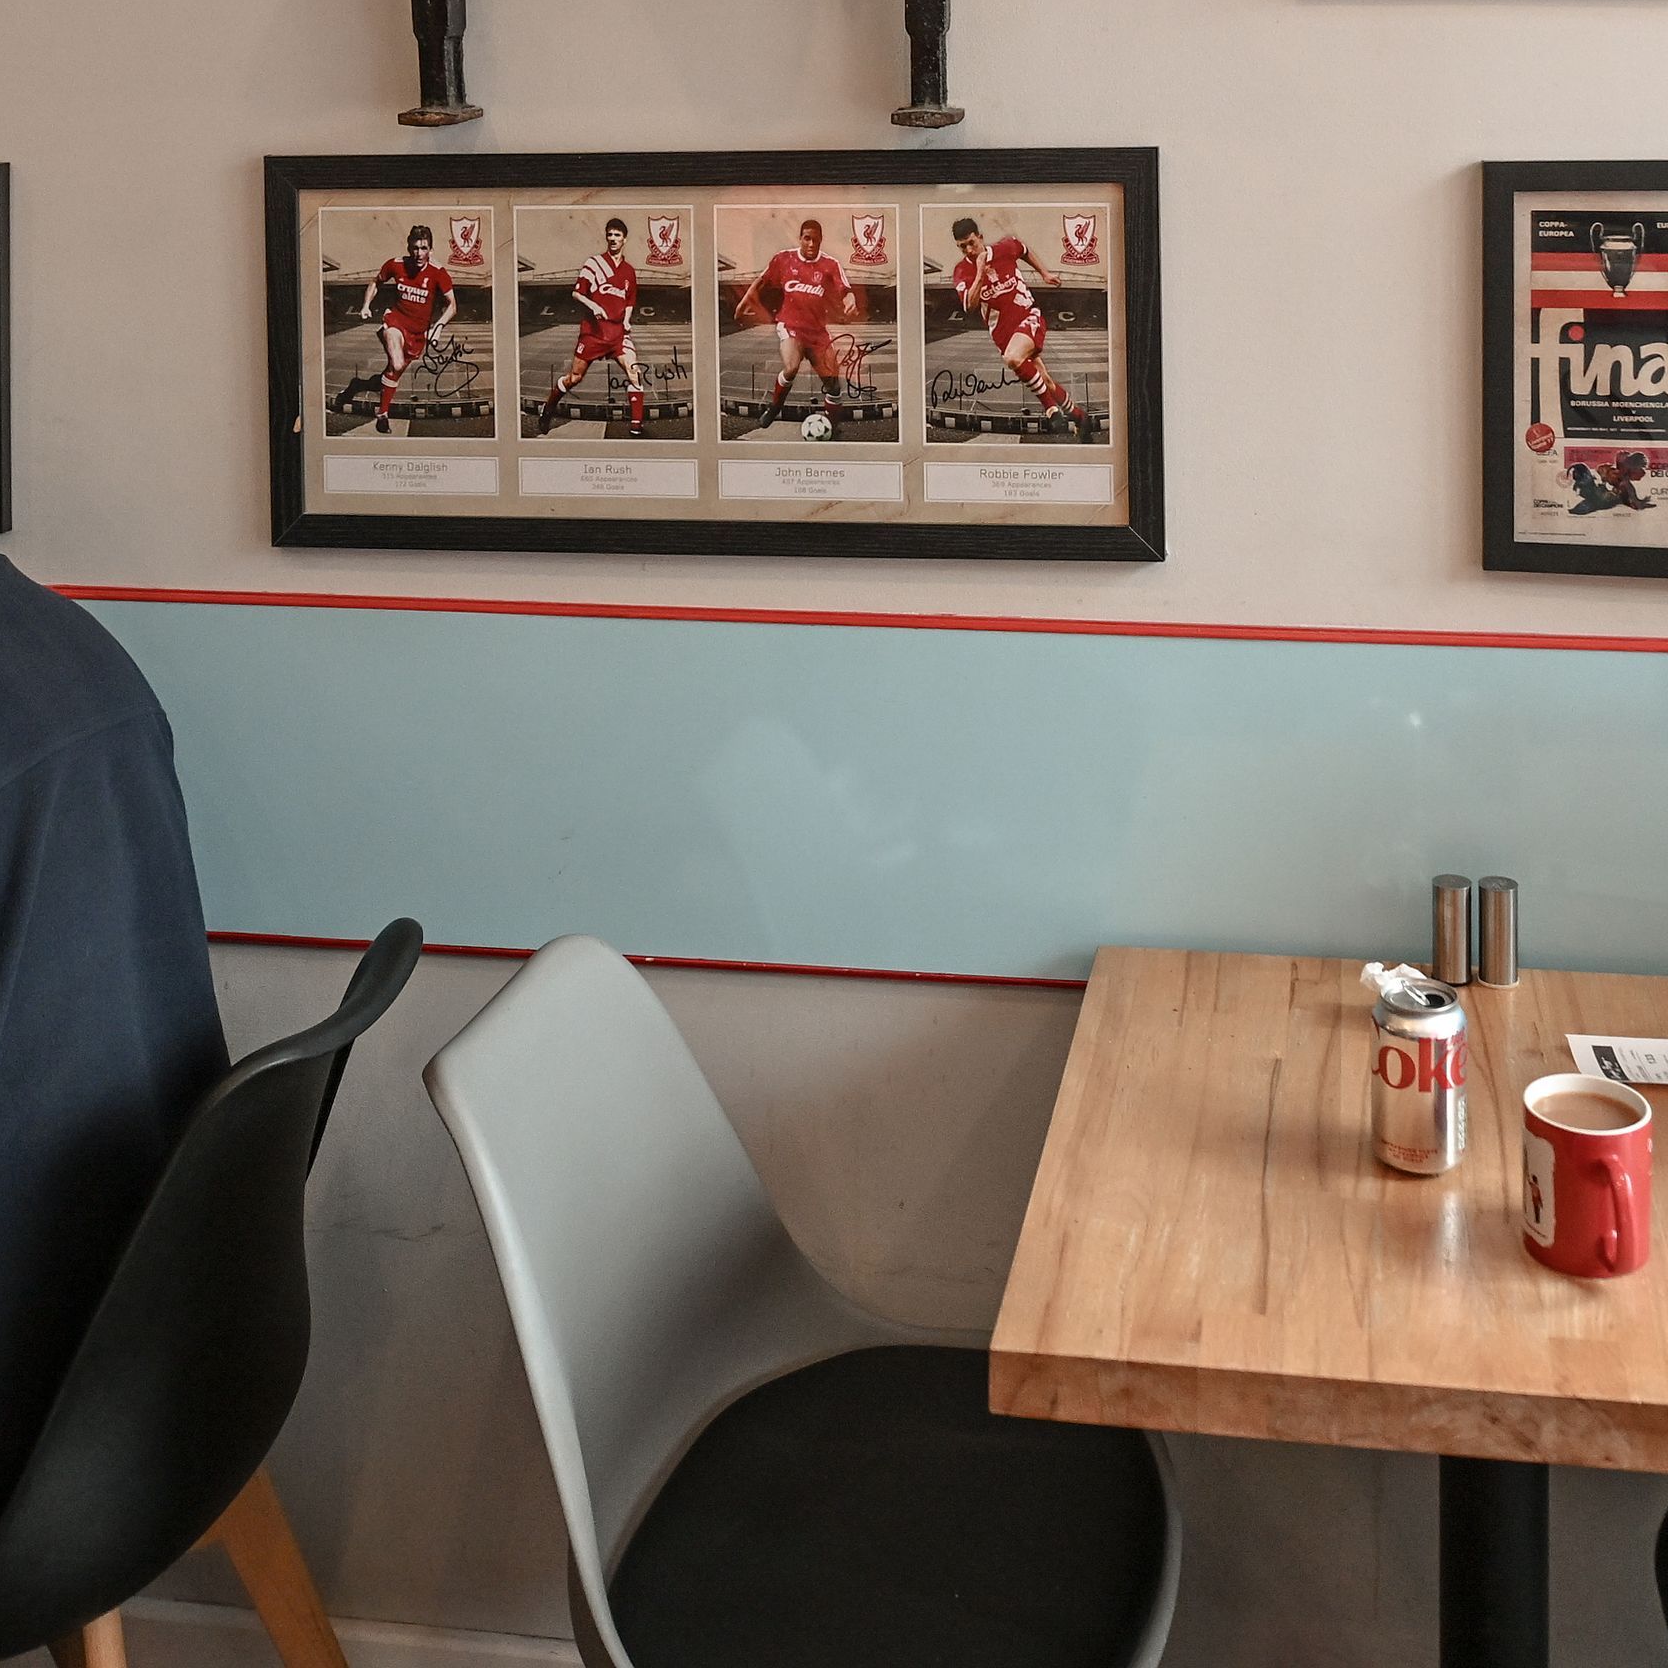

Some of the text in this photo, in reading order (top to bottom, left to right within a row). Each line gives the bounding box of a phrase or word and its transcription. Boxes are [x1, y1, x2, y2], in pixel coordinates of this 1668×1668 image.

[1570, 400, 1610, 408] BORUSSIA
[1613, 415, 1654, 423] LIVERPOOL
[373, 461, 448, 474] Kenny Dalglish
[583, 464, 632, 475] Ian Rush
[775, 467, 845, 478] John Barnes
[979, 468, 1064, 480] Robbie Fowler
[1650, 470, 1664, 478] DEI
[1372, 1035, 1469, 1093] oke
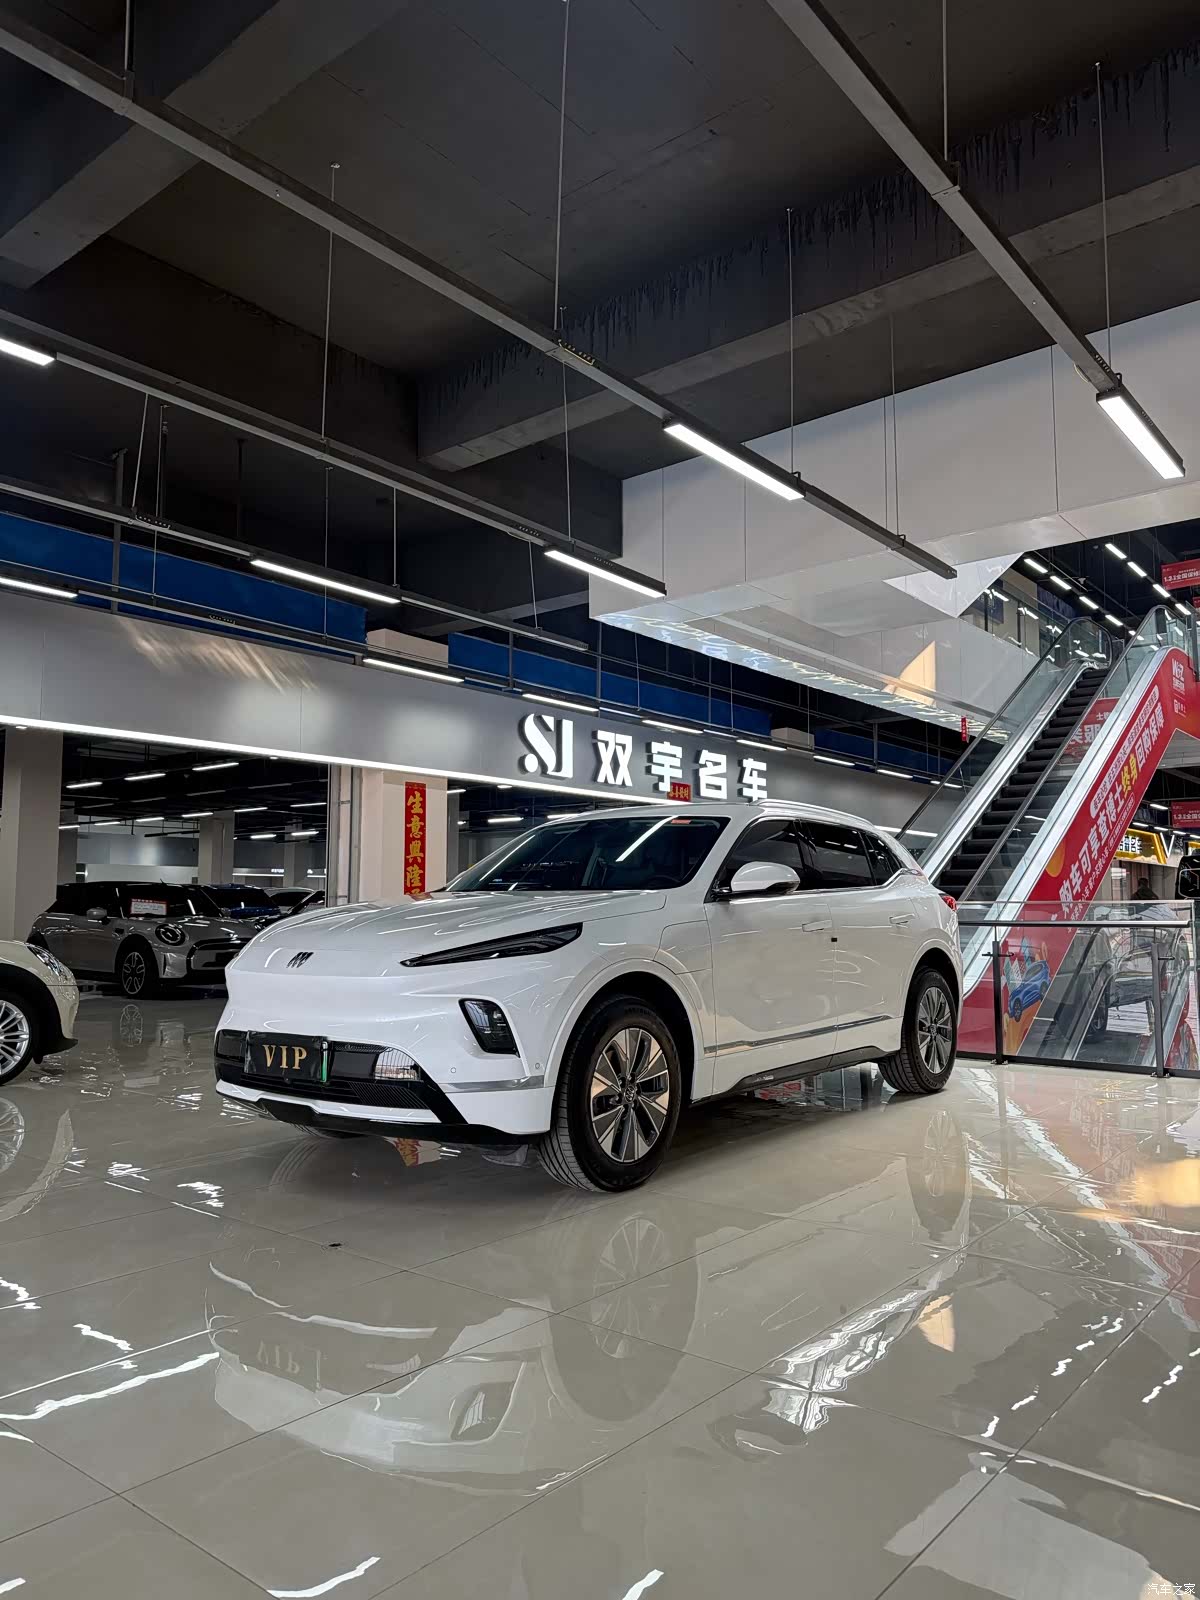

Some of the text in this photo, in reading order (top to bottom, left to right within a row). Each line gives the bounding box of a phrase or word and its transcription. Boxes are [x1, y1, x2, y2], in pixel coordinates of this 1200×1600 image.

[596, 729, 768, 801] 双宇名车
[1059, 702, 1164, 919] 购车可享查博士终身回购保障
[262, 1044, 308, 1070] VIP
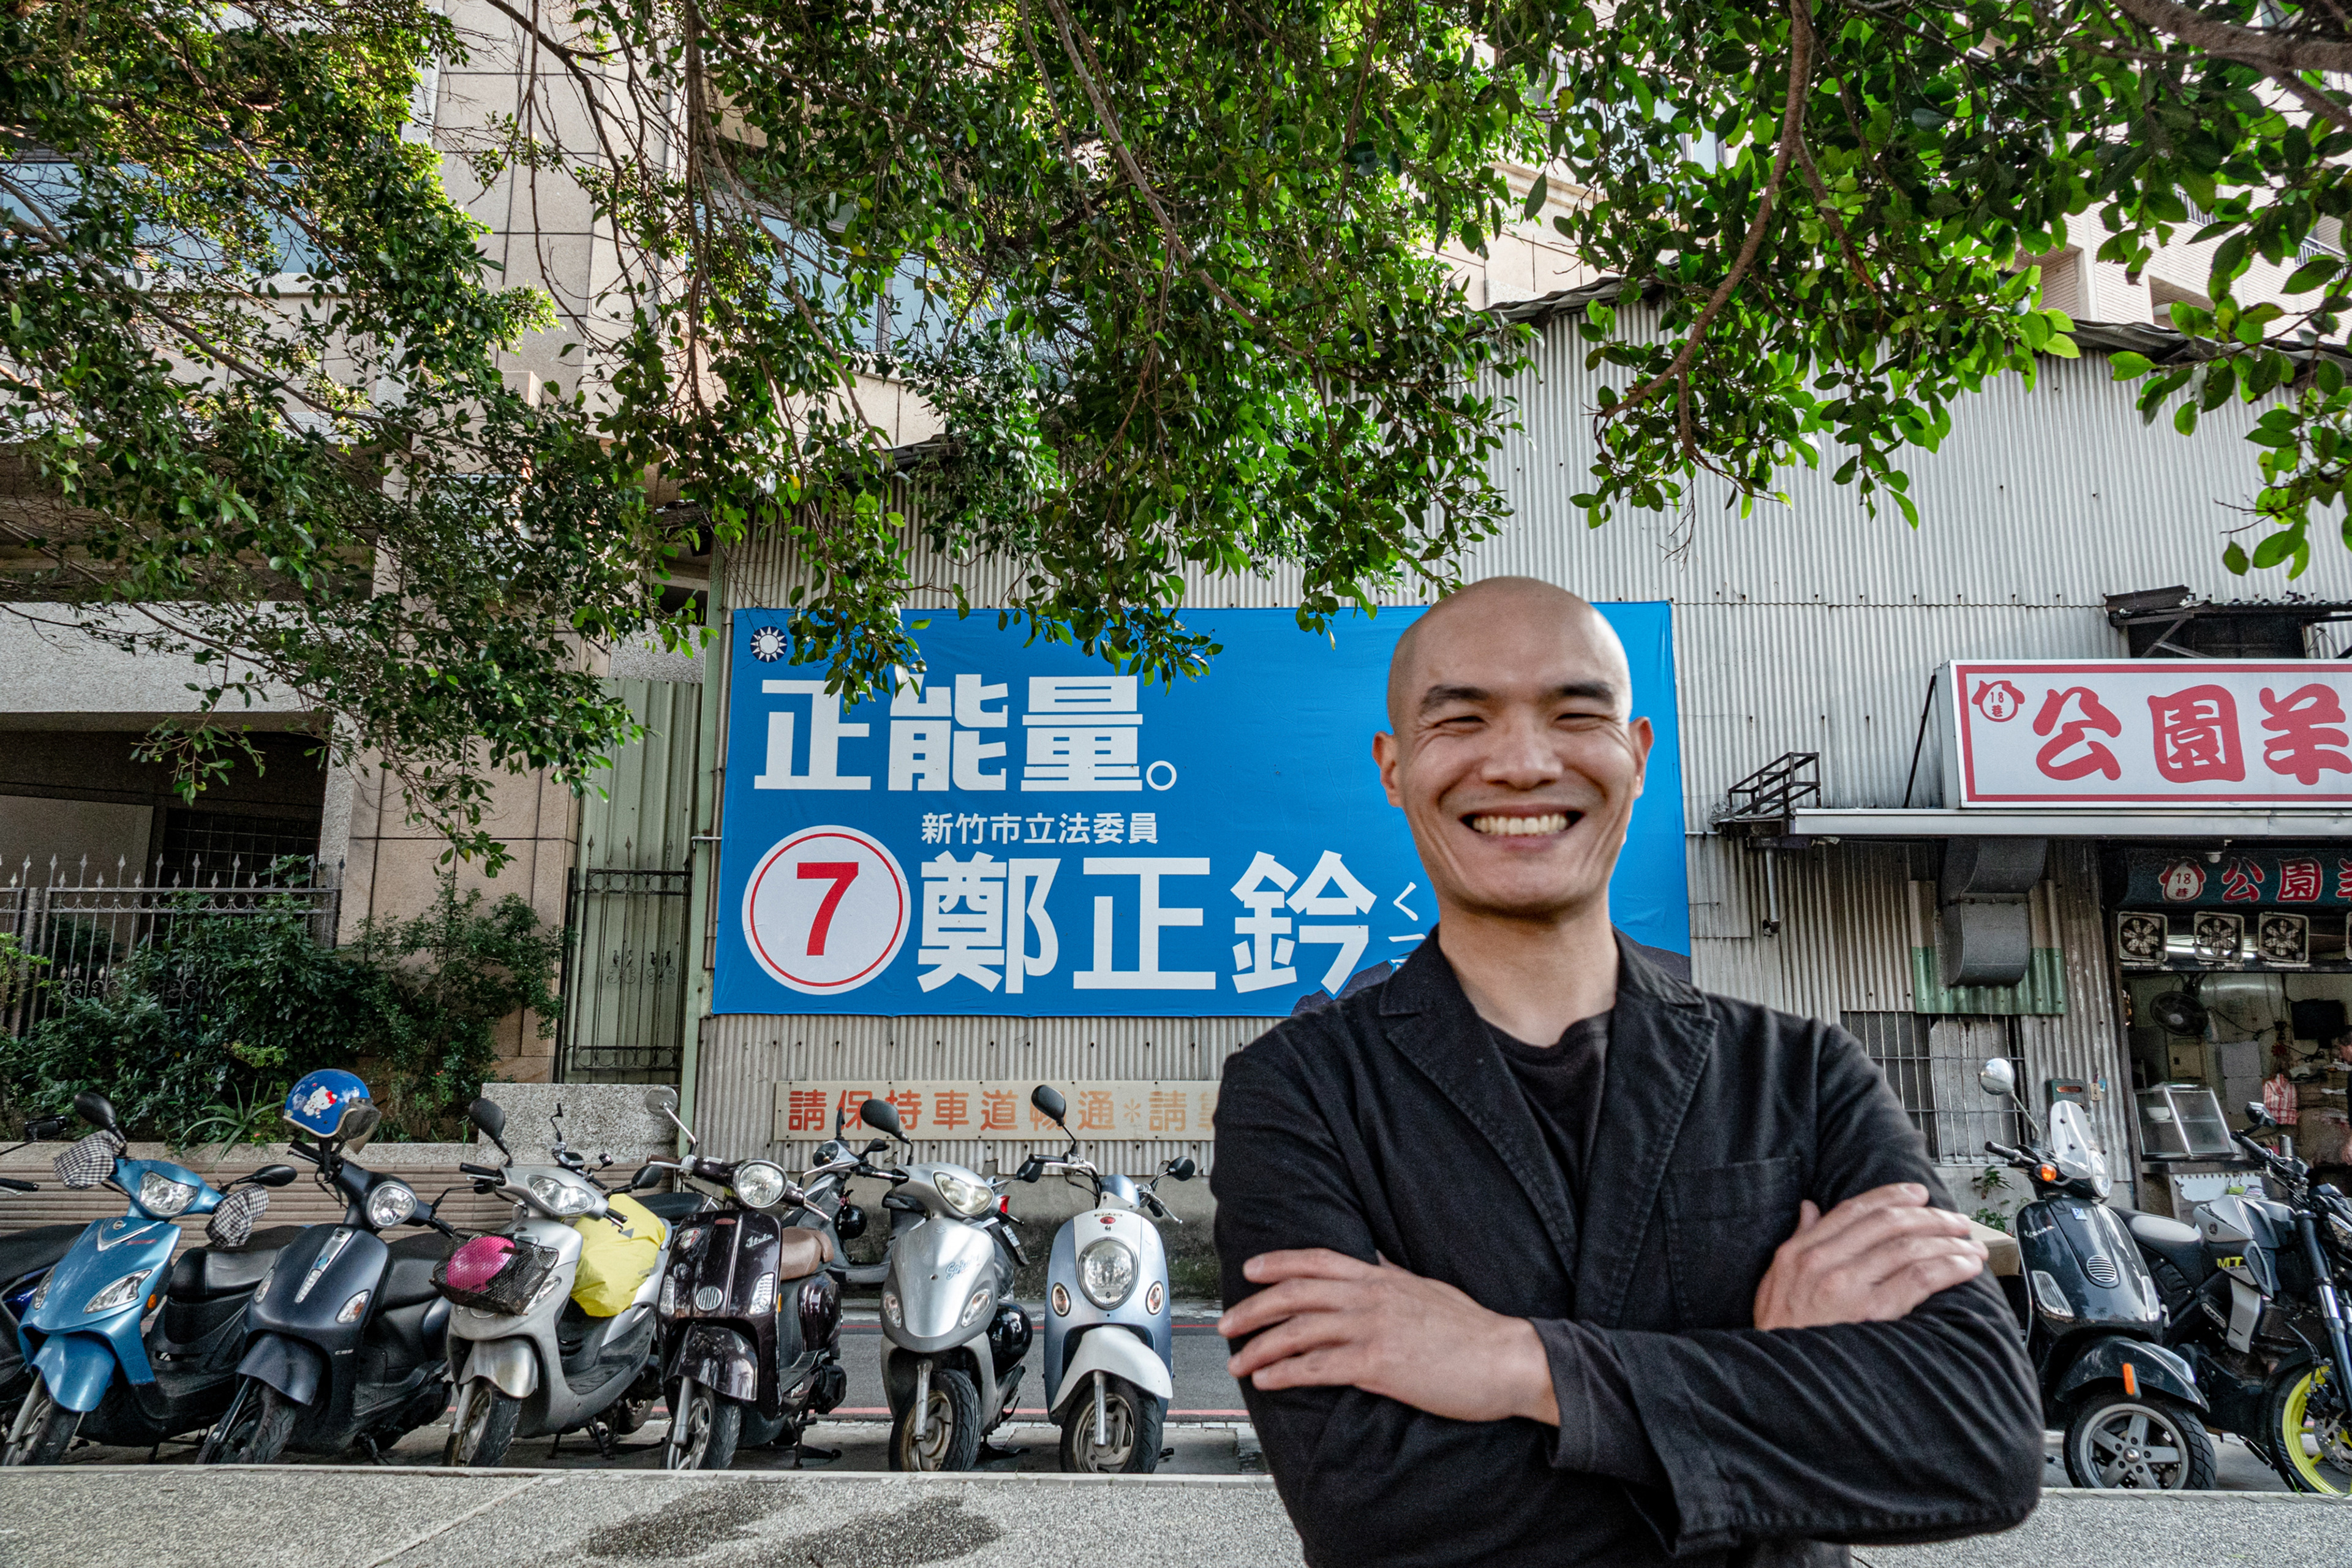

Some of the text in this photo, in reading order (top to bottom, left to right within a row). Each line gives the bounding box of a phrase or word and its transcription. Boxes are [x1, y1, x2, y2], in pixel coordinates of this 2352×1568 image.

[1990, 691, 2004, 704] 18
[2032, 683, 2352, 786] 公園羊
[921, 812, 1159, 845] 新竹市立法委員
[2176, 872, 2191, 884] 18
[796, 861, 859, 957] 7
[916, 850, 1378, 997] 鄭正鈐
[2217, 1256, 2244, 1268] MT
[790, 1381, 804, 1398] PGO

━━━━━━━━━━━━━━━━━━━━━━━━━━━━━━

Work item — Each record above goes into the copy unchanged; the pictures do not.

Expected answer —
Some of the text in this photo, in reading order (top to bottom, left to right within a row). Each line gives the bounding box of a phrase or word and its transcription. Boxes are [x1, y1, x2, y2], in pixel coordinates of this 1668×1668 image.

[1570, 400, 1610, 408] BORUSSIA
[1613, 415, 1654, 423] LIVERPOOL
[373, 461, 448, 474] Kenny Dalglish
[583, 464, 632, 475] Ian Rush
[775, 467, 845, 478] John Barnes
[979, 468, 1064, 480] Robbie Fowler
[1650, 470, 1664, 478] DEI
[1372, 1035, 1469, 1093] oke

Some of the text in this photo, in reading order (top to bottom, left to right within a row). Each line gives the bounding box of a phrase or word and its transcription. Boxes are [x1, y1, x2, y2], in pixel coordinates of this 1200×1600 image.

[596, 729, 768, 801] 双宇名车
[1059, 702, 1164, 919] 购车可享查博士终身回购保障
[262, 1044, 308, 1070] VIP

Some of the text in this photo, in reading order (top to bottom, left to right within a row). Each line gives the bounding box of a phrase or word and its transcription. Boxes are [x1, y1, x2, y2], in pixel coordinates of this 2352×1568 image.

[1990, 691, 2004, 704] 18
[2032, 683, 2352, 786] 公園羊
[921, 812, 1159, 845] 新竹市立法委員
[2176, 872, 2191, 884] 18
[796, 861, 859, 957] 7
[916, 850, 1378, 997] 鄭正鈐
[2217, 1256, 2244, 1268] MT
[790, 1381, 804, 1398] PGO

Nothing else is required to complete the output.